Os benefícios proporcionados ao trabalhador por esse ministério consistem em seguro-desemprego, a candidatura a cargos de trabalho, a participação em cursos de qualificação promovidos pelo Sistema Nacional de Emprego (Sine – proporcionam a relação entre empresas e trabalhadores que estejam procurando emprego) e Portal Mais Emprego, a verificação de autorizações a trabalhadores estrangeiros, a fiscalização acerca do Fundo de Garantia do Tempo de Serviço (FGTS) pelos patrões e o abono salarial do PIS/Pasep.
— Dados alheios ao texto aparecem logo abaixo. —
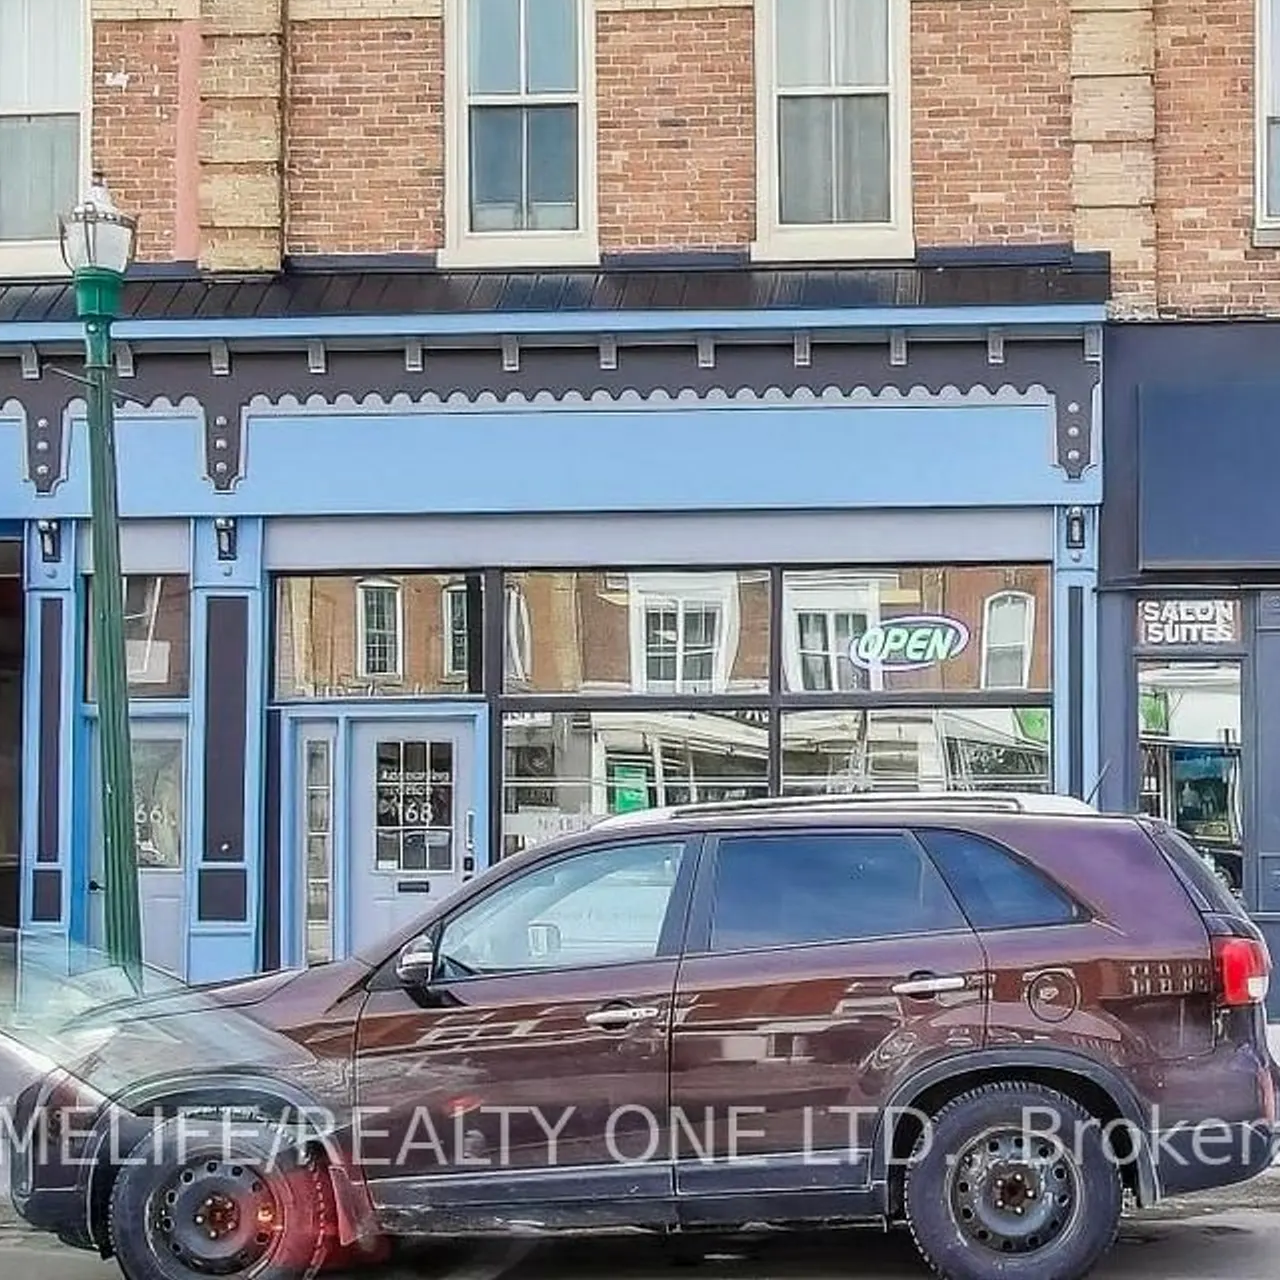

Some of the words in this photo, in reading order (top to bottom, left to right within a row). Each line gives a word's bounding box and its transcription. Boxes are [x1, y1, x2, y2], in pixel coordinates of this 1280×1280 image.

Além disso, é uma função do Ministério do Trabalho o controle de informações sobre os trabalhadores brasileiros com vínculos formais de trabalho.

Ministros do Trabalho:

O Ministério já contou com 60 ministros (desconsiderando os interinos), sendo o atual o ministro Caio Luiz de Almeida Vieira de Mello, ex desembargador do TRT da 3ª região.

Durante o segundo governo Vargas, um importante ministro do trabalho foi João Goulart, que assumiu a gestão durante uma grave crise. Jango convocou o 1º Congresso Brasileiro de Previdência Social, além de ter assinado decretos em favor da previdência, como o financiamento de casas, a regulação de empréstimos pelo Instituto de Aposentadoria e Pensões dos Bancários (IAPB) e o reconhecimento dos funcionários do Conselho Fiscal do Instituto de Aposentadoria e Pensões dos Industriários. Durante seu período como ministro, João Goulart também estudou um possível aumento do salário mínimo, tendo conseguido com que Vargas aumentasse em 100% no dia do trabalhador. No entanto, ele foi forçado a renunciar em fevereiro de 1954, mas é considerado o maior nome trabalhista do Brasil.

Atualmente, o Ministério do Trabalho conta com os seguintes órgãos que o compõem:

  1. Órgãos de assistente ao Ministro: gabinete, secretaria executiva, consultoria jurídica e ouvidoria geral.
  2. Órgãos específicos singulares: secretaria de políticas públicas de emprego, secretaria de inspeção do trabalho, secretaria de relações do trabalho e secretaria nacional de economia solidária.
  3. Órgãos colegiados: conselho nacional do trabalho, conselho curador do FGTS, conselho nacional de imigração, conselho deliberativo do fundo de amparo ao trabalhador e conselho nacional de economia solidária.
  4. Unidades descentralizadas: superintendências regionais do trabalho e emprego.
  5. Entidade vinculada: Fundacentro – Fundação Jorge Dupart Figueiredo de Segurança e Medicina do trabalho.

Impacto social:

O Ministério do Trabalho também realiza pesquisas acerca das atuais situações vivenciadas pelos trabalhadores brasileiros, sendo estas pertinentes aos contextos atuais da sociedade.

Dentre estas pesquisas, uma de importante relevância que ganhou bastante visibilidade foi a Pesquisa Mulheres e Trabalho, que trata das diferenças entre homens e mulheres no mercado de trabalho, realizada em 2016 pelo ministério.

Além disso, o órgão também fiscaliza constantemente a existência de trabalho escravo, disponibilizando os resultados das operações no site do Ministério do Trabalho.

Também é importante mencionar o Observatório do Mercado de Trabalho, que busca estar ciente das necessidades dos trabalhadores brasileiros e promover políticas públicas que gerem soluções a essas demandas.